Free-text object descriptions
=== Begin Enclosure ===

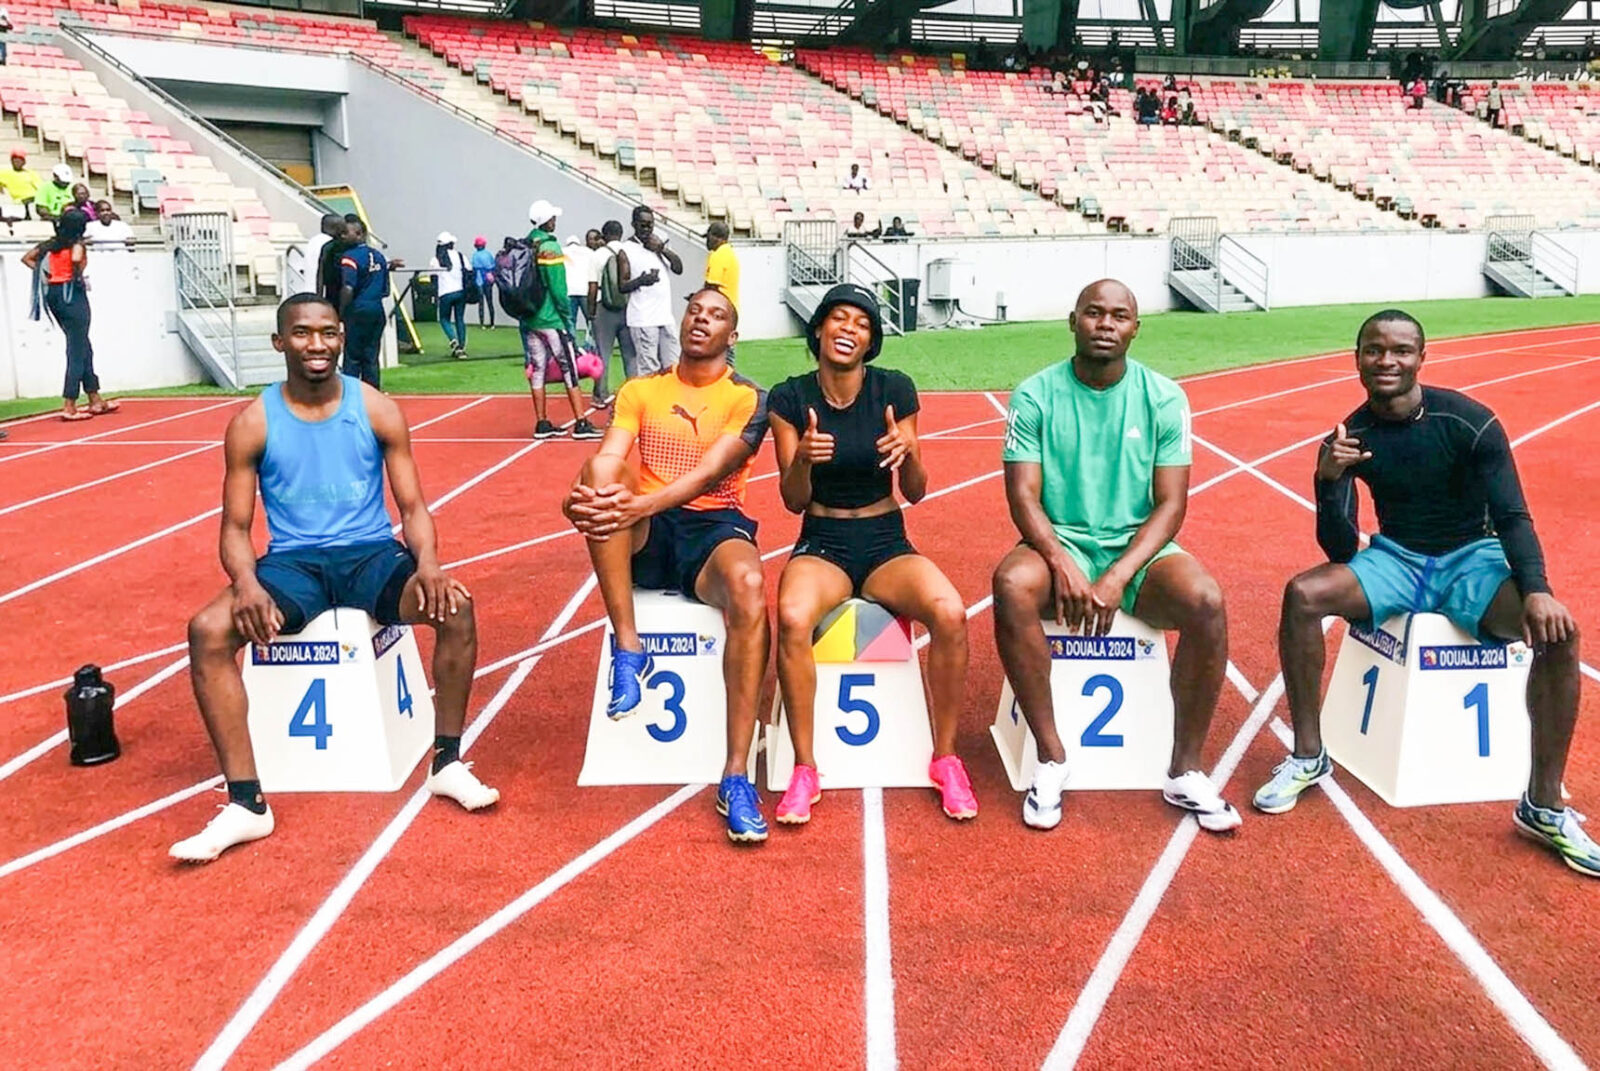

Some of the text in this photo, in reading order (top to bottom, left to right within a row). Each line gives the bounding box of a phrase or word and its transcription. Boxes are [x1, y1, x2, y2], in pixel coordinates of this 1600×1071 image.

[313, 645, 337, 661] 2024
[639, 637, 670, 653] UALA
[671, 636, 695, 653] 2024
[1066, 640, 1133, 657] DOUALA 2024
[1440, 648, 1505, 667] DOUALA 2024
[288, 678, 333, 750] 4
[397, 653, 414, 719] 4
[645, 670, 688, 743] 3
[834, 673, 881, 747] 5
[1080, 673, 1124, 747] 2
[1360, 665, 1380, 735] 1
[1463, 682, 1490, 757] 1
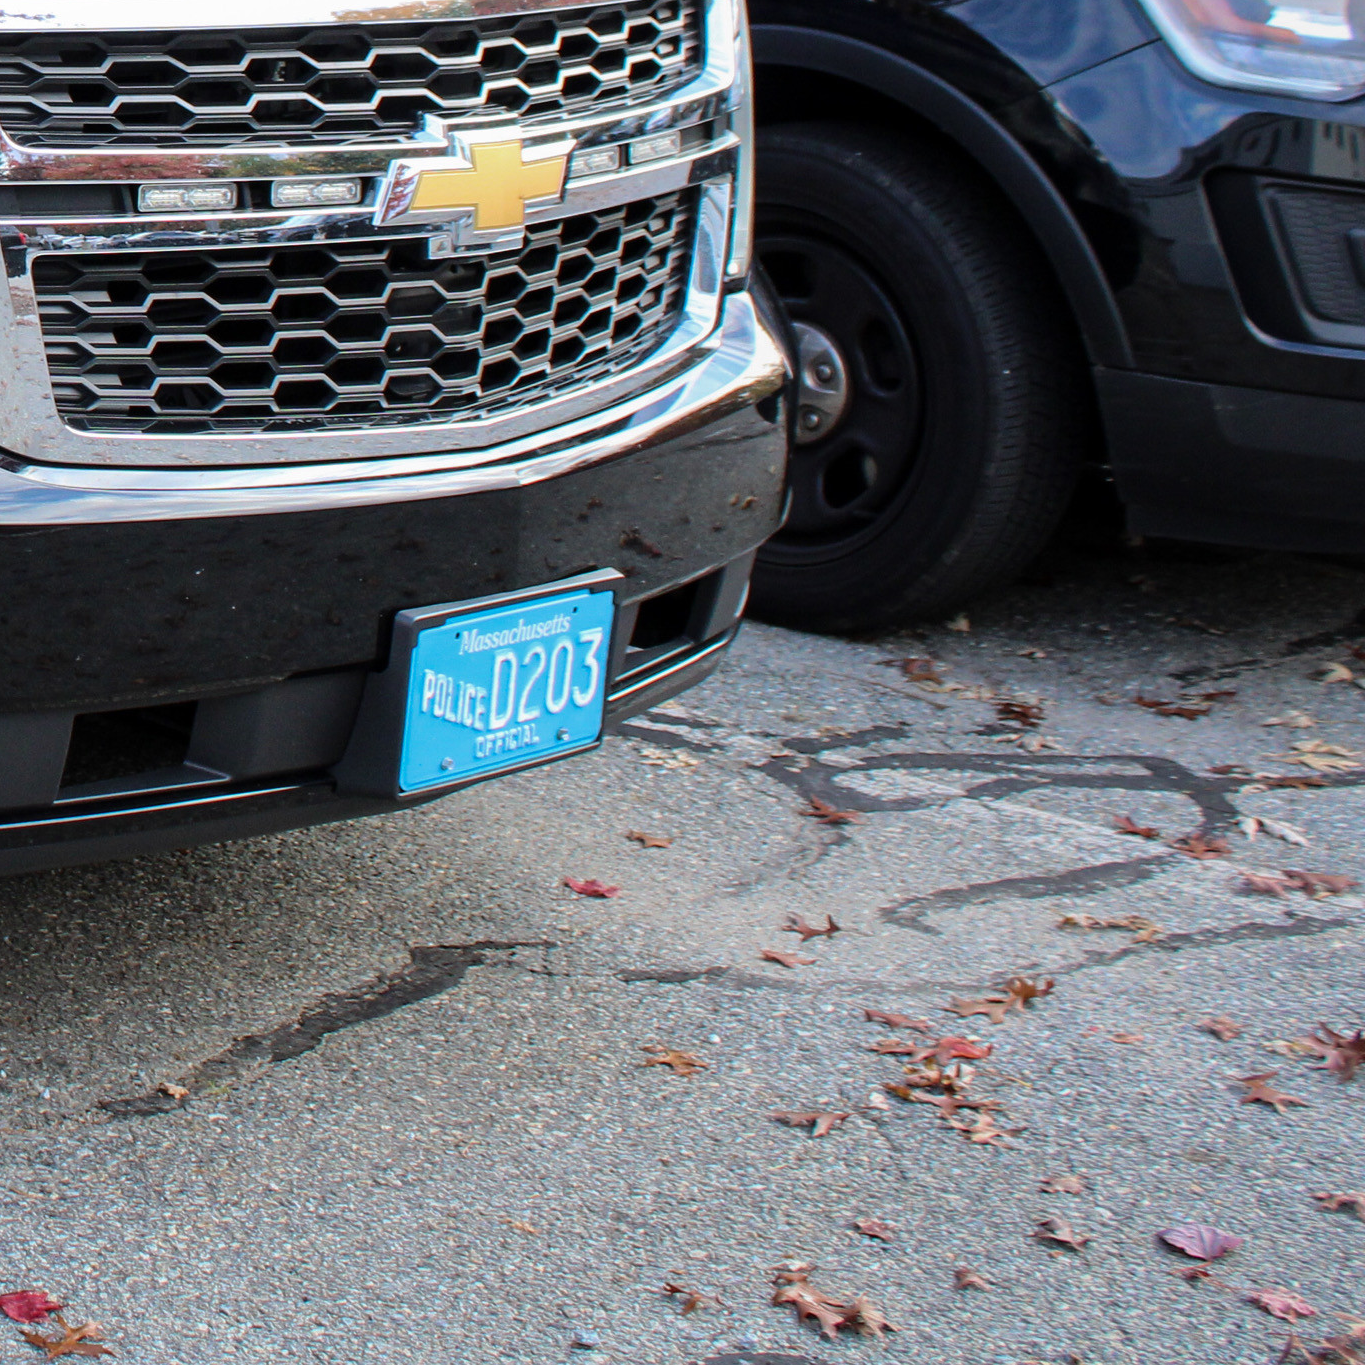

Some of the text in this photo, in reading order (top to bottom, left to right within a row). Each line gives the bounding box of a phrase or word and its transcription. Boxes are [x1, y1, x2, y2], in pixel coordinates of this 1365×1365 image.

=== End Enclosure ===

● **EXERCISE AIM**:
Give every record back exactly as it reads, with no images.

● **TASK ANSWER**:
Some of the text in this photo, in reading order (top to bottom, left to right within a row). Each line gives the bounding box of a phrase or word and its transcription. Boxes are [x1, y1, x2, y2], in pixel coordinates of this 1600×1071 image.

[313, 645, 337, 661] 2024
[639, 637, 670, 653] UALA
[671, 636, 695, 653] 2024
[1066, 640, 1133, 657] DOUALA 2024
[1440, 648, 1505, 667] DOUALA 2024
[288, 678, 333, 750] 4
[397, 653, 414, 719] 4
[645, 670, 688, 743] 3
[834, 673, 881, 747] 5
[1080, 673, 1124, 747] 2
[1360, 665, 1380, 735] 1
[1463, 682, 1490, 757] 1

Some of the text in this photo, in reading order (top to bottom, left to right within a row). Each line gives the bounding box of a phrase or word and its transcription. Boxes are [x1, y1, x2, y2], in pixel coordinates of this 1365×1365 image.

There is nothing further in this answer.